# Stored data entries
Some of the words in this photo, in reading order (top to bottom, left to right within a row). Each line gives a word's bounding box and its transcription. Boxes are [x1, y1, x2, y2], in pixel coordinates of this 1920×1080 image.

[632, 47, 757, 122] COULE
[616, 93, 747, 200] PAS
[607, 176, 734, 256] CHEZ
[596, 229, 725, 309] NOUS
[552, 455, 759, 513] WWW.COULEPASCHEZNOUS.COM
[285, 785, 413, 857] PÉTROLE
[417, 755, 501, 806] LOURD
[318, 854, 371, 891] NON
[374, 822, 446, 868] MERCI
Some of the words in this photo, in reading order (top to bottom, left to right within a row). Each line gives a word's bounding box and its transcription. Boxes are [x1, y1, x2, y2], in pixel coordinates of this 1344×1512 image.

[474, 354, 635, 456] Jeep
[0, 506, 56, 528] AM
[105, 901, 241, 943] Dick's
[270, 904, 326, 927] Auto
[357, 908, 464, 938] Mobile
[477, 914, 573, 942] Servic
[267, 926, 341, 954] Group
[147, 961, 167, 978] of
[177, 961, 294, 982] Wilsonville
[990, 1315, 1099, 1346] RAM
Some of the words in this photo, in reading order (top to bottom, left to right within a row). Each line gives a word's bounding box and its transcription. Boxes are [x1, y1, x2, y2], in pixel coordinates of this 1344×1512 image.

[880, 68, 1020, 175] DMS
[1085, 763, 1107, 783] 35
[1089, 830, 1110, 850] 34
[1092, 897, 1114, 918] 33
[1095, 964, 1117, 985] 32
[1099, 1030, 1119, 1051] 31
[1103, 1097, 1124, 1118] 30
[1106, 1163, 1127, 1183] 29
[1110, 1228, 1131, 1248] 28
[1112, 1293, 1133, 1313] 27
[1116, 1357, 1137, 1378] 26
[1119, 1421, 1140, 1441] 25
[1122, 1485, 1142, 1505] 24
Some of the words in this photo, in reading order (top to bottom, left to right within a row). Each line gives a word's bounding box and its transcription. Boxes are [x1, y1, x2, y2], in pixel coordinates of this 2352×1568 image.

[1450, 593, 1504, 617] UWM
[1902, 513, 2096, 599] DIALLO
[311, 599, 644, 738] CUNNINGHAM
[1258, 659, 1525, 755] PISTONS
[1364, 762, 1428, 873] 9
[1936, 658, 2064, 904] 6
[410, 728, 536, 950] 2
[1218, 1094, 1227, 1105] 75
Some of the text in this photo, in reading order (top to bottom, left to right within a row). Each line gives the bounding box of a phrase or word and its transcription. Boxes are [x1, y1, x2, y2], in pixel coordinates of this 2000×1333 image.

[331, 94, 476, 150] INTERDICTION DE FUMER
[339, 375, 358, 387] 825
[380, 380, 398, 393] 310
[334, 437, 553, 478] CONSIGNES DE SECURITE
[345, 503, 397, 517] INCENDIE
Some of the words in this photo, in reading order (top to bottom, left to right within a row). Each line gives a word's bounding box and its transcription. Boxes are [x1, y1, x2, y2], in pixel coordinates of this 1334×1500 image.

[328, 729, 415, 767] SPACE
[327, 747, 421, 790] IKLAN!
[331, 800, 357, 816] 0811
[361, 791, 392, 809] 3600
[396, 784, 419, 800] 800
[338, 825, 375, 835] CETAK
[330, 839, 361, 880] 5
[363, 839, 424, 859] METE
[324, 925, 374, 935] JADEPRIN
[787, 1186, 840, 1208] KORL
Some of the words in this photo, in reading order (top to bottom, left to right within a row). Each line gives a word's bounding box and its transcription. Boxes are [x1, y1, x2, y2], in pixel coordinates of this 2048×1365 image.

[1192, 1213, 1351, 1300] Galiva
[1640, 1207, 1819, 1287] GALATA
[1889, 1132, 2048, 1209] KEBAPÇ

# Problem
Print every line of the records exactly. Omit nothing.

# Result for this exercise
Some of the words in this photo, in reading order (top to bottom, left to right within a row). Each line gives a word's bounding box and its transcription. Boxes are [x1, y1, x2, y2], in pixel coordinates of this 1920×1080 image.

[632, 47, 757, 122] COULE
[616, 93, 747, 200] PAS
[607, 176, 734, 256] CHEZ
[596, 229, 725, 309] NOUS
[552, 455, 759, 513] WWW.COULEPASCHEZNOUS.COM
[285, 785, 413, 857] PÉTROLE
[417, 755, 501, 806] LOURD
[318, 854, 371, 891] NON
[374, 822, 446, 868] MERCI
Some of the words in this photo, in reading order (top to bottom, left to right within a row). Each line gives a word's bounding box and its transcription. Boxes are [x1, y1, x2, y2], in pixel coordinates of this 1344×1512 image.

[474, 354, 635, 456] Jeep
[0, 506, 56, 528] AM
[105, 901, 241, 943] Dick's
[270, 904, 326, 927] Auto
[357, 908, 464, 938] Mobile
[477, 914, 573, 942] Servic
[267, 926, 341, 954] Group
[147, 961, 167, 978] of
[177, 961, 294, 982] Wilsonville
[990, 1315, 1099, 1346] RAM
Some of the words in this photo, in reading order (top to bottom, left to right within a row). Each line gives a word's bounding box and its transcription. Boxes are [x1, y1, x2, y2], in pixel coordinates of this 1344×1512 image.

[880, 68, 1020, 175] DMS
[1085, 763, 1107, 783] 35
[1089, 830, 1110, 850] 34
[1092, 897, 1114, 918] 33
[1095, 964, 1117, 985] 32
[1099, 1030, 1119, 1051] 31
[1103, 1097, 1124, 1118] 30
[1106, 1163, 1127, 1183] 29
[1110, 1228, 1131, 1248] 28
[1112, 1293, 1133, 1313] 27
[1116, 1357, 1137, 1378] 26
[1119, 1421, 1140, 1441] 25
[1122, 1485, 1142, 1505] 24
Some of the words in this photo, in reading order (top to bottom, left to right within a row). Each line gives a word's bounding box and its transcription. Boxes are [x1, y1, x2, y2], in pixel coordinates of this 2352×1568 image.

[1450, 593, 1504, 617] UWM
[1902, 513, 2096, 599] DIALLO
[311, 599, 644, 738] CUNNINGHAM
[1258, 659, 1525, 755] PISTONS
[1364, 762, 1428, 873] 9
[1936, 658, 2064, 904] 6
[410, 728, 536, 950] 2
[1218, 1094, 1227, 1105] 75
Some of the text in this photo, in reading order (top to bottom, left to right within a row). Each line gives the bounding box of a phrase or word and its transcription. Boxes are [x1, y1, x2, y2], in pixel coordinates of this 2000×1333 image.

[331, 94, 476, 150] INTERDICTION DE FUMER
[339, 375, 358, 387] 825
[380, 380, 398, 393] 310
[334, 437, 553, 478] CONSIGNES DE SECURITE
[345, 503, 397, 517] INCENDIE
Some of the words in this photo, in reading order (top to bottom, left to right within a row). Each line gives a word's bounding box and its transcription. Boxes are [x1, y1, x2, y2], in pixel coordinates of this 1334×1500 image.

[328, 729, 415, 767] SPACE
[327, 747, 421, 790] IKLAN!
[331, 800, 357, 816] 0811
[361, 791, 392, 809] 3600
[396, 784, 419, 800] 800
[338, 825, 375, 835] CETAK
[330, 839, 361, 880] 5
[363, 839, 424, 859] METE
[324, 925, 374, 935] JADEPRIN
[787, 1186, 840, 1208] KORL
Some of the words in this photo, in reading order (top to bottom, left to right within a row). Each line gives a word's bounding box and its transcription. Boxes are [x1, y1, x2, y2], in pixel coordinates of this 2048×1365 image.

[1192, 1213, 1351, 1300] Galiva
[1640, 1207, 1819, 1287] GALATA
[1889, 1132, 2048, 1209] KEBAPÇ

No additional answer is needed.